Abstract
One of the most famous examples of civic engagement in the popular memory of Jeddah is the al-Falah school. It was founded by a member of the one of the leading merchant families, Muhammad Ali Zaynal, in 1905, who later established branches in Mecca, Bahrain, Dubai, and Bombay. Allegedly, the school was founded as a distinctive civic initiative to counter the Ottoman language instruction at the Ottoman middle school, or rüşdiyye, that had been established in 1876. Today, it is being remembered as a bold initiative which was initially forbidden by the Ottomans, continued clandestinely for a few years before being legalised. The school was soon supported financially by other leading merchants of the town and is said to have trained the leading personalities of Jeddah during the first half of the 20th century. Indeed, it exists to this day and, although by now financed by the state, is still supported by the founding family.
Schools in the early 20th century were normally more than mere centres of instruction but provided an important locus of political socialisation. The memoirs of Zafir al-Qasimi show this convincingly for Maktab Anbar in late 19th and early 20th century Damascus (for the voluminous secondary literature developing this theme, c.f. the bibliography of Deguilhem-Schoem's article on the school in REMMM 52-53, 1989). In contrast, we know hardly anything about the cultural and educational life in late Ottoman, Hashemite and early Saudi Jeddah, in spite of the pioneering works of Ochsenwald (notably his 1991 article on Arabism in the Hijaz).
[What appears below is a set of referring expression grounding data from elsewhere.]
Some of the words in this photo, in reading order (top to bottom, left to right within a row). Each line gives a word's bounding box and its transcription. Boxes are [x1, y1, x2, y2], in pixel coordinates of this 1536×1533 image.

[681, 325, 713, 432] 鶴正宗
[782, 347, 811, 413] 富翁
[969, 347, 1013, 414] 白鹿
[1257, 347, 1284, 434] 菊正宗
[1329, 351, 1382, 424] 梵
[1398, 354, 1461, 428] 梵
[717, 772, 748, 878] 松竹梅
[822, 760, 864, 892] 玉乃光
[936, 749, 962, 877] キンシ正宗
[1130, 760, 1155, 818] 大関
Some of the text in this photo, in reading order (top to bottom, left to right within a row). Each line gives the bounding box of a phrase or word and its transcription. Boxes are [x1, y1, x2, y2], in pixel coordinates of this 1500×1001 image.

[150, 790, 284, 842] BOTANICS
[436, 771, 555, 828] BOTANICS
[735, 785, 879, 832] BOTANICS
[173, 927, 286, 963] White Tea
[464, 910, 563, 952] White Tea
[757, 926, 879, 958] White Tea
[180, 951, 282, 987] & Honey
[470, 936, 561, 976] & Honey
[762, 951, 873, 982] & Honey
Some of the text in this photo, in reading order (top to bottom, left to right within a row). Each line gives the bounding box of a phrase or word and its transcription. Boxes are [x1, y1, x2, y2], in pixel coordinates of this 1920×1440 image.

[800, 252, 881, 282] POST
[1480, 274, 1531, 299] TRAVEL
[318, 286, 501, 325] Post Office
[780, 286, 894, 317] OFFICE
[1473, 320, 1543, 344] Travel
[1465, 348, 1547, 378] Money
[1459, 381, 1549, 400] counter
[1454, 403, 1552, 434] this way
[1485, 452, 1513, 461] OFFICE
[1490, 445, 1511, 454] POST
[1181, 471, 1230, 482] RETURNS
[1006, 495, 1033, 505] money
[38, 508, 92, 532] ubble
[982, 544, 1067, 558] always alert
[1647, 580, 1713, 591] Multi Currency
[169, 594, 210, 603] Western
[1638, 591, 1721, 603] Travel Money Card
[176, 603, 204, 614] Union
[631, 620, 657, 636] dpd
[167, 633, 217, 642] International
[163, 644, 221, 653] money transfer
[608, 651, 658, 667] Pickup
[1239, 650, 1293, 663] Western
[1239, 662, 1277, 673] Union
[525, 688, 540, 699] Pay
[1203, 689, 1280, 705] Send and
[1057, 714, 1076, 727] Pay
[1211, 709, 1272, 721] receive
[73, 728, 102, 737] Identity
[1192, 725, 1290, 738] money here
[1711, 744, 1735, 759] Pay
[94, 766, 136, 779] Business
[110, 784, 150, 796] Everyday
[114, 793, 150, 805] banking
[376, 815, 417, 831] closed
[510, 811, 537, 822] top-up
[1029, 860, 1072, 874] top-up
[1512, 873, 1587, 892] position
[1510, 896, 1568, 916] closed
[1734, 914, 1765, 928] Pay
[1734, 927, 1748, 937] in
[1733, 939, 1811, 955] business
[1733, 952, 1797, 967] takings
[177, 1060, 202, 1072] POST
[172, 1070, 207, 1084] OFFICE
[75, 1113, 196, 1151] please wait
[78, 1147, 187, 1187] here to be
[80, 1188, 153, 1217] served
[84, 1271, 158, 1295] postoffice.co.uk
The importance of the Falah school in the popular memory and local histories serves, however, as a first indicator of a role that went well beyond a mere educational establishment, although in which ways will need to be explored further in this paper.
Documents pertaining to the school, local histories and memoirs, writings (mostly newspaper articles) about the founder and the school as well some Ottoman documents on the competing rüşdiyya will be used to investigate the role of the Falah-school as a site of civic engagement in Jeddah and explore its potential in the cultural formation of its youth from its founding days until the 1950s.